PHP: why a line of code appears not to be hit

I'm just starting with PHP and have written a small PHP console program to take 5 test scores and return the appropriate grades plus average. (I am aware my determineGrade function is incomplete - I left it that way to work on the rest of the program structure first ).

My issue is that this line:

echo "Test #{$index}: {determineGrade($grades[$index])}.\n";

Inside the second for loop does not produce any output.enter code here

   for($index = 1; $index <= 5; $index++)
        {
            echo "Enter Test Score  #{$index}:";
            $grades[$index] = trim(intval(fgets(STDIN)));
        }
    echo "\n\n ==== Results: =====\n";

    for($index =1; $index <= 5; $index++)
    {
        echo "Test #{$index}: {determineGrade($grades[$index])}.\n";
    }

    $average = calcAverage($grades);

    function calcAverage($gradesArray)
    {
        // initialize a variable to hold the sum, calculated in loop
        $sumTotal = 0;
        // start this loop at $index=1 for consistency. Sum the grades.
        for($index=1; $index <= count($gradesArray); $index++)
        {
            $sumTotal = $sumTotal +  $gradesArray[$index];
        }

        return $sumTotal / 5;
    }

    function determineGrade($gradeToDetermine)
    {
        if($gradeToDetermine >= 90)
        {
            return "A";
        } else if($gradeToDetermine >= 80)
     {
                return "B";
           }
    }
    ?>

I've tried this with inputs like 87 that ought to produce a result but no go.

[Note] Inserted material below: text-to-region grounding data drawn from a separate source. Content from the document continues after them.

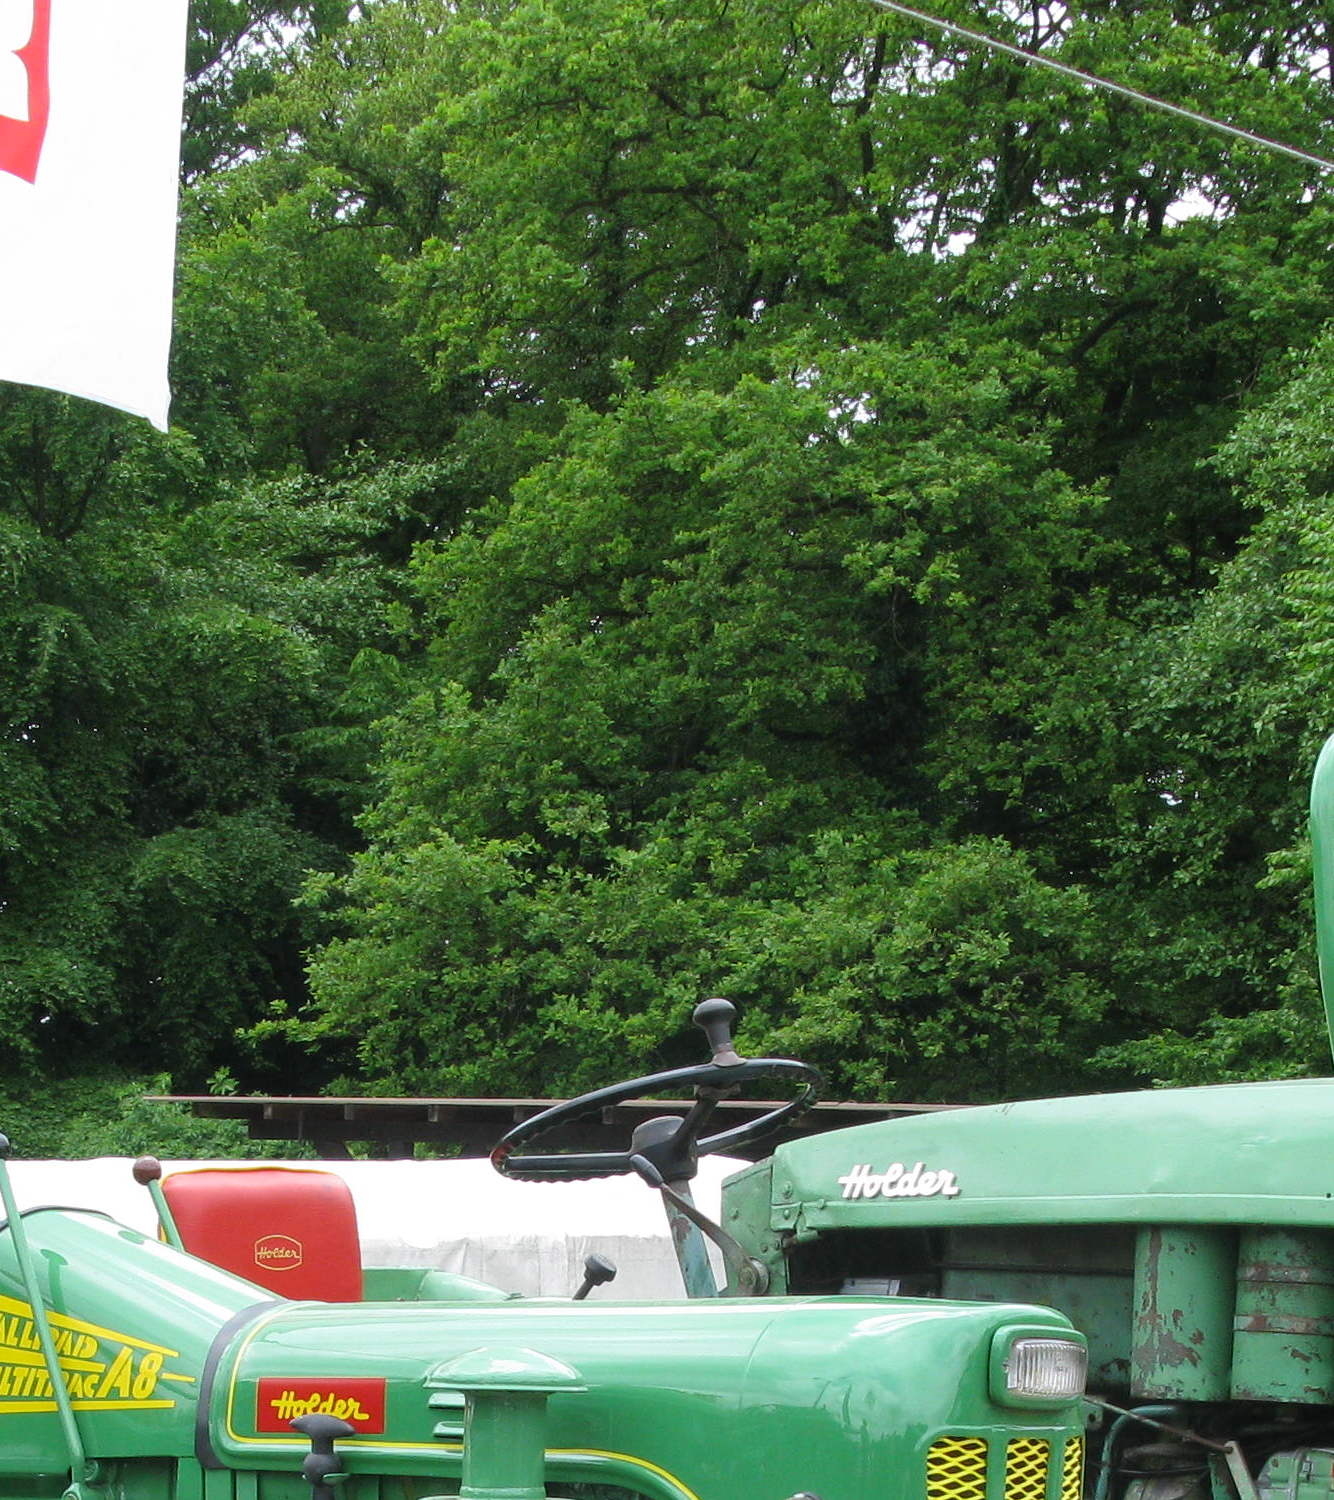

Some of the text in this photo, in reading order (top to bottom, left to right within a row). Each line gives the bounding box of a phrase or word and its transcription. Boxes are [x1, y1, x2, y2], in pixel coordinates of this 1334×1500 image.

[837, 1161, 961, 1198] Holder
[257, 1246, 301, 1260] Holder
[94, 1345, 164, 1400] A8
[270, 1390, 370, 1420] Holder
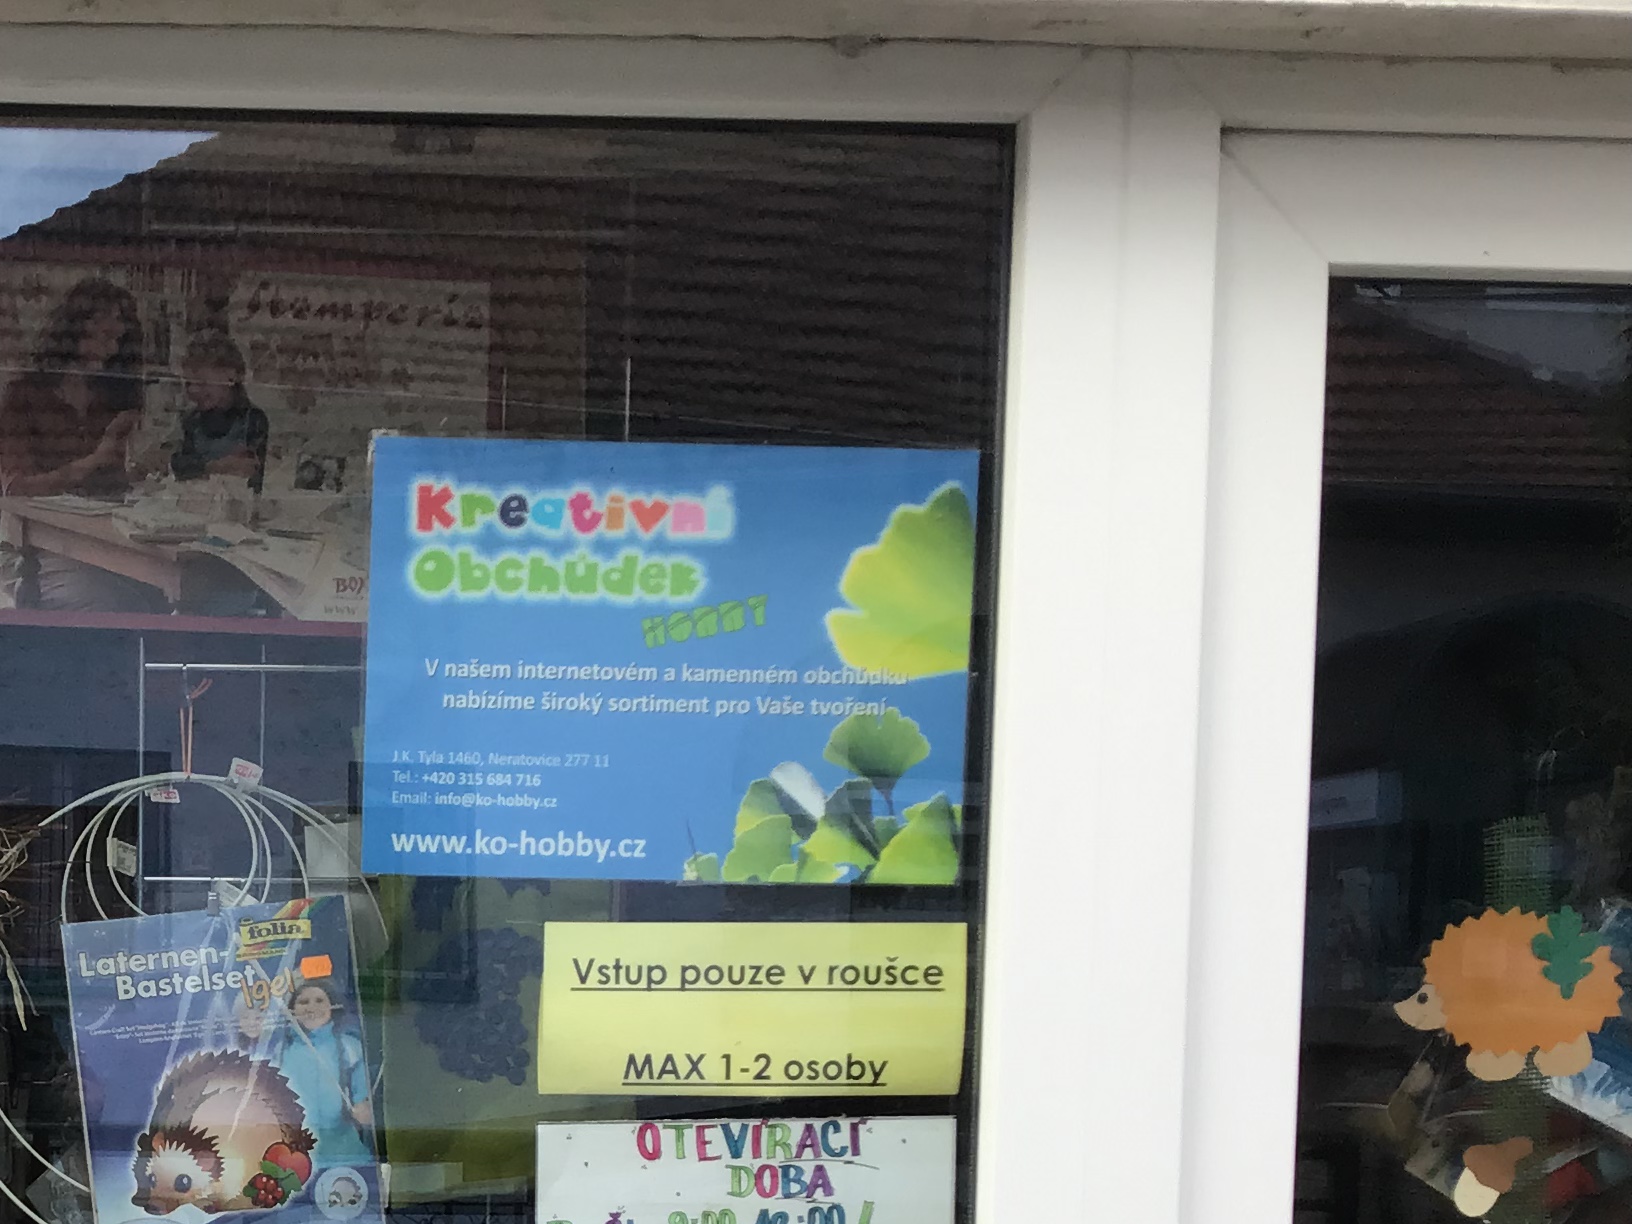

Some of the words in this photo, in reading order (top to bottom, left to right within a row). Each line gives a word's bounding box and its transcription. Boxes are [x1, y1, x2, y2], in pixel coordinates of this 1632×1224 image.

[416, 483, 734, 536] Kreativní
[413, 549, 703, 598] Obchůdek
[424, 658, 440, 678] V
[445, 659, 511, 680] našem
[518, 661, 658, 683] internetovém
[663, 668, 676, 682] a
[682, 664, 798, 685] kamenném
[443, 691, 534, 711] nabízíme
[541, 691, 602, 716] široký
[608, 693, 709, 714] sortiment
[715, 698, 750, 718] pro
[755, 696, 805, 716] Vaše
[811, 696, 886, 716] tvoření
[417, 752, 444, 768] Tyla
[448, 752, 484, 769] 1460,
[565, 754, 589, 767] 277
[593, 755, 609, 767] 11
[392, 771, 418, 785] Tel.:
[422, 772, 455, 786] +420
[459, 773, 483, 786] 315
[486, 773, 511, 786] 684
[516, 773, 541, 787] 716
[392, 790, 432, 806] Email:
[435, 791, 557, 810] info@ko-hobby.cz
[391, 827, 647, 863] www.ko-hobby.cz
[245, 921, 304, 941] folia
[79, 944, 230, 978] Laternen-
[572, 958, 667, 991] Vstup
[681, 963, 785, 991] pouze
[799, 965, 816, 986] v
[828, 956, 943, 986] roušce
[117, 966, 256, 1001] Bastelset
[241, 966, 295, 1010] Igel
[624, 1054, 706, 1081] MAX
[720, 1054, 772, 1081] 1-2
[784, 1054, 888, 1086] osoby
[636, 1118, 871, 1162] OTEVÍRACÍ
[727, 1165, 835, 1199] DOBA

Thank you for your help, Marc

Upvotes: 0

Views: 47

Answers (1)

Don&#39;t Panic
Don&#39;t Panic

Reputation: 41810

The complex string syntax (curly brackets in a double quoted string) won't execute your determineGrade function. You'll have to concatenate that into your output instead.

echo "Test #{$index}: " . determineGrade($grades[$index]) . "\n";

or pass the different pieces as multiple parameters to echo.

echo "Test #{$index}: " , determineGrade($grades[$index]) , "\n";

Technically, functions can be executed in the curly braces, but only to return the names of variables. See this note from the documentation:

Functions, method calls, static class variables, and class constants inside {$} work since PHP 5. However, the value accessed will be interpreted as the name of a variable in the scope in which the string is defined. Using single curly braces ({}) will not work for accessing the return values of functions or methods or the values of class constants or static class variables.

So you could use

echo "Test #{$index}: {${determineGrade($grades[$index])}} \n";

If you happened to have variables named $A, $B, etc.

This probably won't be helpful to you in this situation, but I just thought I should mention it for future reference since the first part of the answer could be interpreted as not strictly correct.